Tick Prevention
Personal Prevention
Clothing
- Treat clothes, shoes, and outdoor gear with permethrin: Use gloves and let dry before touching.
- Wear light colored clothes, tuck pants into socks, treat skin & clothes with 20% DEET or essential oils.
- Put clothes in dryer on high immediately after being outdoors or in tick habitat.
Prompt Tick Check
- Perform tick checks within 2 hours of being outside. Check armpits, hair, & groin.
Avoid Grassy Areas
- Avoid known tick habitats.
Pet Prevention
- Treat bedding with permethrin: Use gloves and let dry before touching.
- Perform tick checks regularly after being outdoors: check in ears and under armpits.
- Treat pets with anti-tick medication or use an anti-tick collar.
- Speak to your veterinarian about Lyme disease vaccine for dogs.
Home Prevention
- Treat bedding with permethrin: Use gloves and let dry before touching.
- Create mulch barrier around yard with cedar chips.
- Keep grass short and yard free of leaf-litter & wood.
- Increase sunlight & keep play area 9 ft. from woods edge.
- Spray yard with tick killer during peak tick season (Spring-Fall)
- Keep chickens, opossums, guinea fowl, or skunks as yard pets- they will eat ticks.
- Avoid feeding deer or encouraging them to come into the yard to avoid bringing ticks in.
- Treat cotton balls with permethrin, stuff them into a cardboard tube (from toilet paper or paper towels) and leave them throughout the yard for small mammals such as mice to use in nests. This will help kill any ticks that are in their fur.
- Rid yard of any chipmunk, mice, shrew, or groundhog populations as these are known to carry ticks and Lyme disease.
Tick Removal
When you spot a tick on a person or pet, remove it right away. If the tick has not attached itself to the host, you can simply pick it up and place it in a plastic bag. If the tick is attached, you'll need to remove it carefully, following the steps listed here.
- Using tweezers or a tick removal tool, grip the tick, getting as close as you can to its head.
- Steadily pull the tick straight up and out. Avoid twisting or squeezing it, which could increase the risk of disease. Do not burn the tick or cover it in substances such as soap or alcohol. It’s best to pull the tick out rather than trying to get it to let go on its own.
- Place the tick in a plastic bag. Saving it will allow you to identify its species and, if needed, have it tested for tick-borne pathogens.
- Clean the bite with an antiseptic such as isopropyl alcohol.
- While some redness at the site is normal, this should subside. Watch for signs of infection. If you develop a rash, tenderness, or pain, see your doctor right away.
Important: Avoid burning the tick or coating it with any substances such as soap, alcohol, petroleum jelly, or acetone. Covering the tick with any substance or applying heat will irritate the tick and place you at greater risk of contracting a tick-borne disease. It may also make it impossible to test the tick for disease.

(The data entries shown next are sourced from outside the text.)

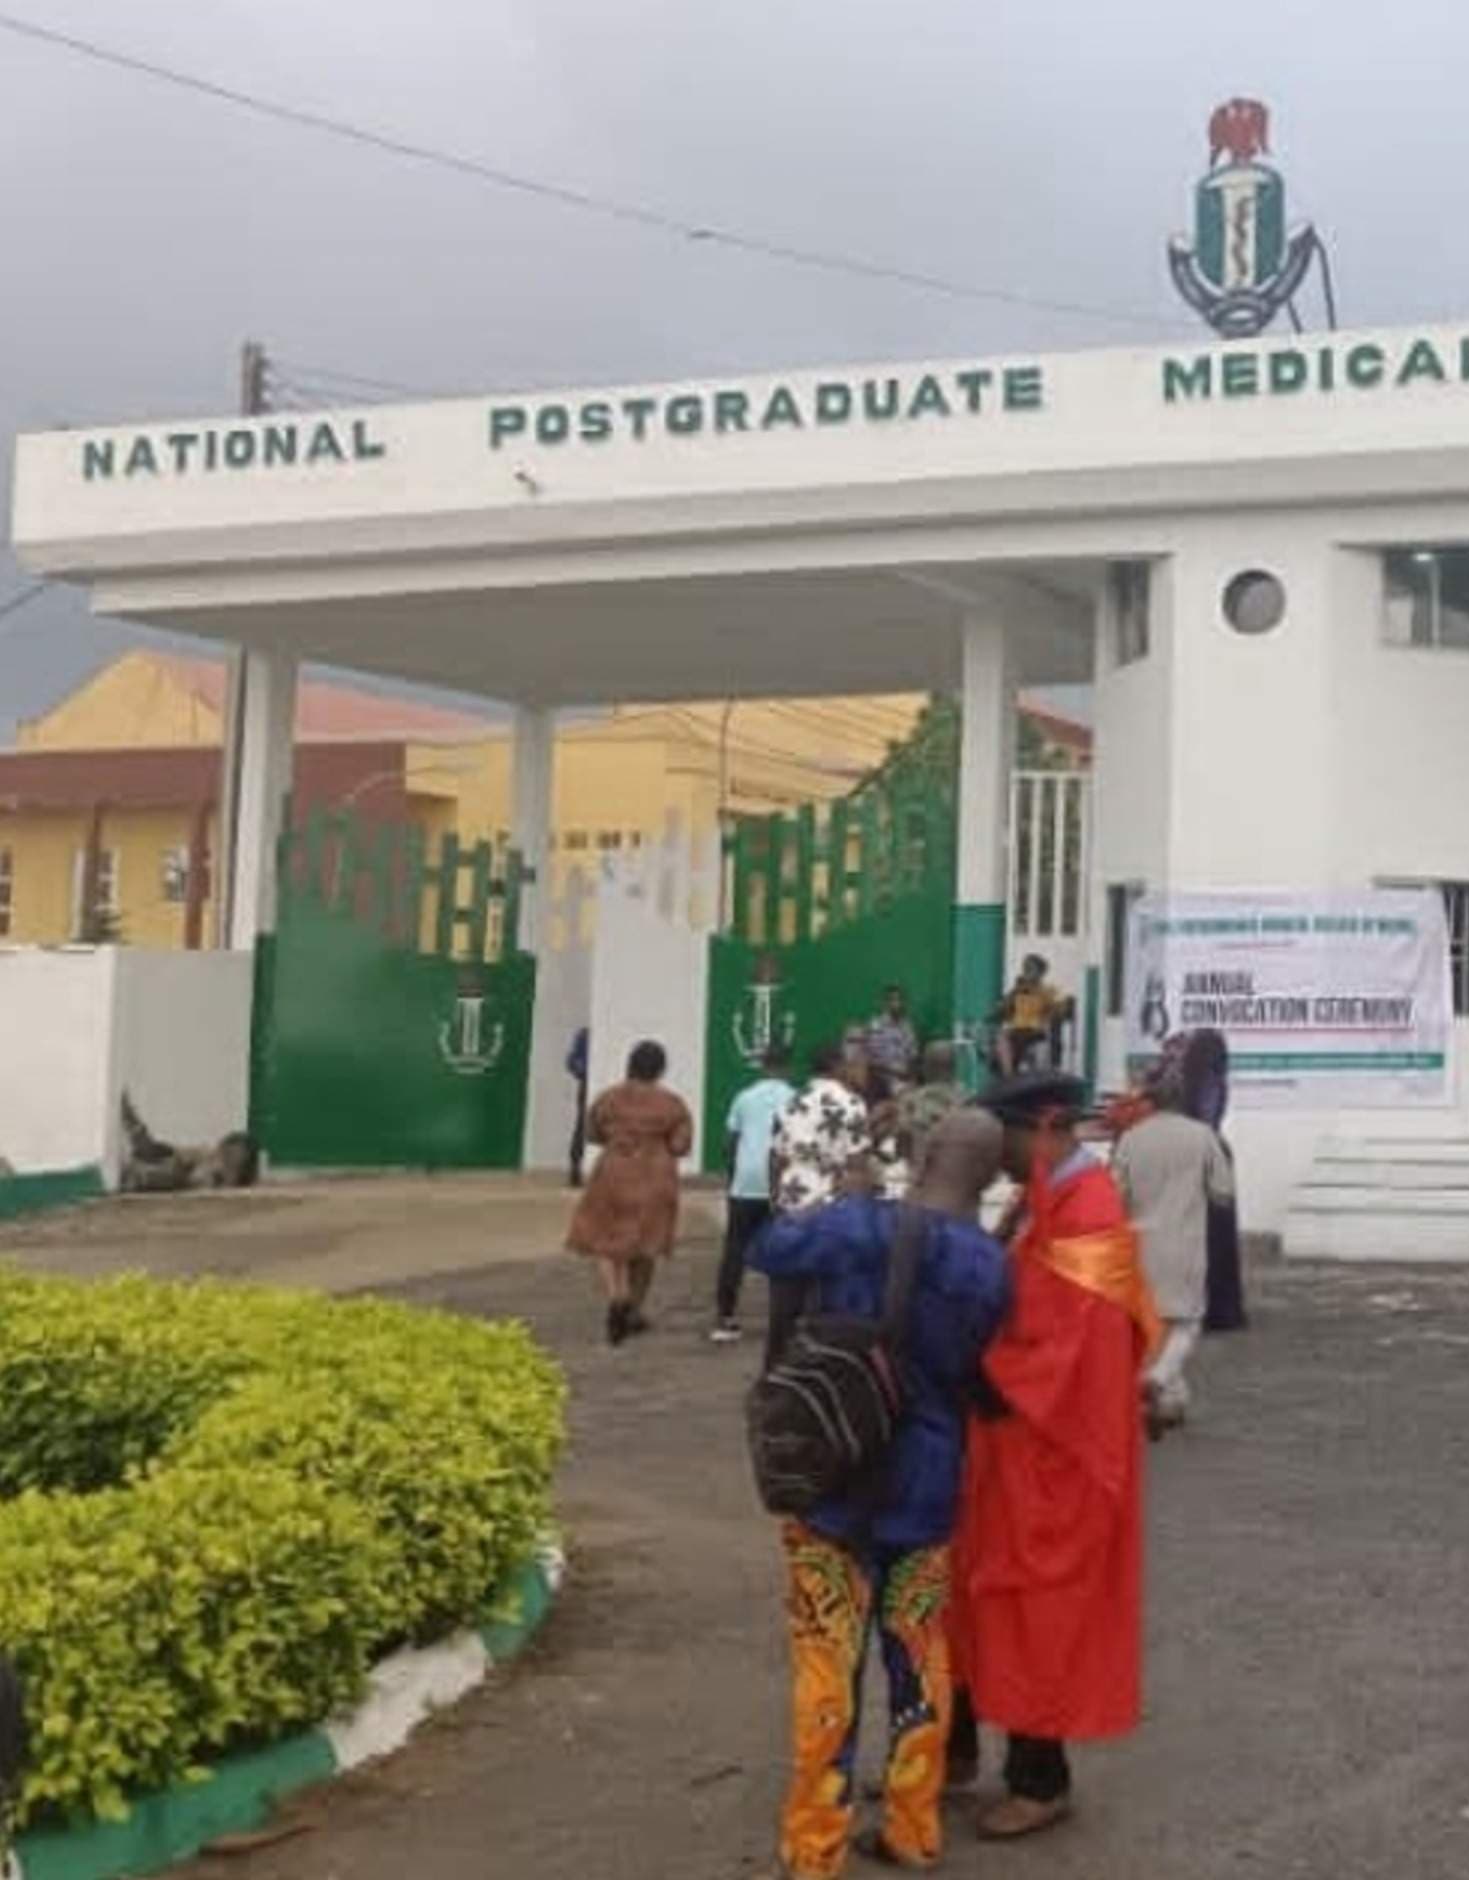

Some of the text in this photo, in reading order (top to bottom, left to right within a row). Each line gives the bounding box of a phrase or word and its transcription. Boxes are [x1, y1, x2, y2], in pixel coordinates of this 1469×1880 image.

[83, 420, 385, 481] NATIONAL
[490, 367, 1042, 450] POSTGRADUATE
[1183, 971, 1254, 995] ANNUAL
[1181, 997, 1307, 1025] CONVOCATION
[1314, 996, 1412, 1024] CEREMONY

After you have removed the tick, monitor the area for several weeks. Check for signs of infection including rash or swelling. (Keep an eye out for a bullseye-type rash, which may indicate the presence of Lyme disease.)
Laboratory testing is available through the Tick Research Lab of Pennsylvania. Testing can reveal the presence of tick-borne diseases such as Lyme disease, Anaplasma, and Rocky Mountain spotted fever even before symptoms appear.